Eurovision: Song Contest and the Ugly Americans

I wasn’t much of a fan of Will Ferrell’s comedic style until one day I became a fan. It was his supporting role in The Wedding Crashers that changed my mind. His comedic style remained the same that vacuous stare, vapid line delivery, way over the top is what I didn’t like. Now I love it and see Ferrell as a sort of genius. It’s not as if now everything that Ferrell does is gold.

It’s not, but more times than not, I walk away feeling satisfied. Such is the case with Eurovision Song Contest: The Story of Fire Saga. To be clear, Eurovision Song Contest is a mediocre story. It just happens to feature not just Ferrell in one of the leads, but the great Rachel McAdams in the other. I suppose it doesn’t hurt that the same director of The Wedding Crashers also directed Eurovision Song Contest: The Store of Fire Saga.

David Dobkin also directed Fred Claus and The Change-Up, so maybe he’s not a ringing endorsement of the film that I so clearly want to like. It’s not that I want to like Eurovision. I do like it. This is a Will Ferrell movie so intellectual pleasures such as subtlety are not in abundant supply. Ferrell plays Lars Ericssong an Icelandic singer/songwriter.

He makes music as a duo with his lifelong friend Sigrit Ericsdottir (McAdams). Despite her last name, Sigrit is probably not Lars sister. Or so the running gag goes. The gag underscores the sexual tension between Lars and Sigrit. Rachel McAdams is more than adorable as the long suffering unrequited lover.

Ferrell’s best movies (or at least my favorite Ferrell films) are those where he is paired with an actor who balances his faux characterizations. Truly, the better all the actors around Ferrell in any given film, the better his goofy shtick becomes. John C. Reily’s Cal Naughton Jr. in Talladega Nights brings a palpably human charm that nicely balances Ricky Bobby’s boorishness.

Woody Harrelson’s wry performance offers up the needed humanity to balance Jackie Moon’s absurd antics. With Eurovision it is McAdams who brings the necessary balance to help the audience love Lars like she does. Ferrell’s antics are fun, but McAdams is wildly underrated for her comic timing. Where Ferrell relishes the unbelievable gag, McAdams will make that gag believable.

I have to confess, I had never heard of Eurovision Song Contest until I saw this movie.

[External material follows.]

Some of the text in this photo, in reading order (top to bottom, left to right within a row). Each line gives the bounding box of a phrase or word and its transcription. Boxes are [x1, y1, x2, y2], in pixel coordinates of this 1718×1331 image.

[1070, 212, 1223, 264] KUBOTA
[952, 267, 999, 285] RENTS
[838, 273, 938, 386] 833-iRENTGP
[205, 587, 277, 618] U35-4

I didn’t even realize this was actually a real thing until after I watched the movie. For anyone else who has never heard of this European song contest, it is an annual event that has been happening since 1956! Winning the Eurovision song contest has been a life long dream of Lars. Yet we are treated to a cheesy music video type version of one of their songs at the very beginning that gives us some clue to how bombastically goofy their pop music is.

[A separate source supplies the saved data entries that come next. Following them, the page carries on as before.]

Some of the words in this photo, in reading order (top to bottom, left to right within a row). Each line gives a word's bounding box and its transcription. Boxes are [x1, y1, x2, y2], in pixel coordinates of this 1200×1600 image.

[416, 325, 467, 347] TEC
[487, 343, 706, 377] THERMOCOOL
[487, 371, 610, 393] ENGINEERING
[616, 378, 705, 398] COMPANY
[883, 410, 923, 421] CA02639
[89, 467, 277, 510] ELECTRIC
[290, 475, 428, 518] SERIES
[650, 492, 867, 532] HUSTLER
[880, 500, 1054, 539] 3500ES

It is unthinkable that such an amateurish music duo would even get a shot at performing for this annual European event. So, through a series of unfortunate events Fire Saga stumbles into getting their shot in the song contest. Some critics have complained that the movie is too long. Oh, boo-hoo I say to those critics.

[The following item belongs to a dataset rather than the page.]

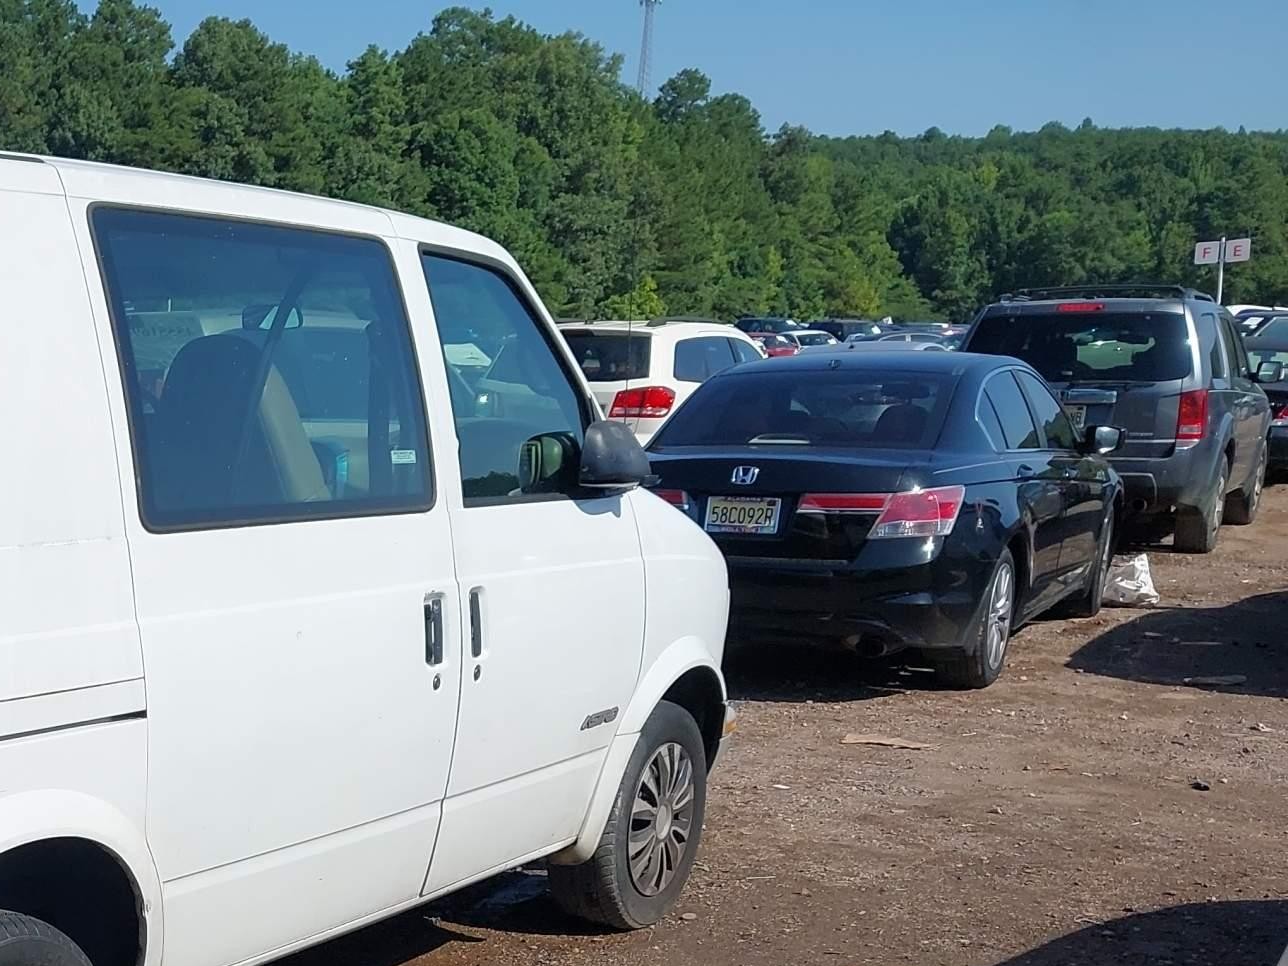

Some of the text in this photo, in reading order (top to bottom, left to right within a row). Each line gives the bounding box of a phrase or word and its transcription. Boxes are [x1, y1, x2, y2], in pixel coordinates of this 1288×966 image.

[1202, 247, 1212, 259] F
[1233, 245, 1242, 257] E
[711, 505, 774, 525] 58C092R

Admittedly not all the jokes work and as is often the case plenty of the jokes fall flat. Even the jokes that fall flat are still fun. There is, for example, a lengthy scene that features a “song along,” apparently an homage to real contestants of Eurovision’s past. Calling a sing along a “song along” is mildly funny, but the length of song along does nothing at all to advance that joke or make it funnier. Still, it’s odd to complain that a movie about musicians competing against each other actually have a sing along.

In the end, this a romantic comedy. It is the love story that matters not who wins the song contest. That love story is largely carried by McAdams. While she’s the “straight man” to Ferrell’s antics, she, Ferrell and many of the cast (which includes Pierce Brosnan as Lars father) all seem to relish doing really bad Icelandic accents.

The bad accent joke comes with a punchline. At one point in Lars wild adventures he meets several American tourists and is epic in his rudeness to them. That rudeness is largely Lars critique of the “ugly American.” That’s about as subtle as a Will Ferrell movie gets.

An American actor doing a really bad Icelandic accent while criticizing American’s for being ugly is the kind of thing I’ve come to love about Ferrell. For me, this movie wasn’t “too long,” and the jokes didn’t fall any more flat than jokes tend to in a plethora of other comedies. For me, this was yet another fun Will Ferrell movie with the added bonus of Rachel McAdams.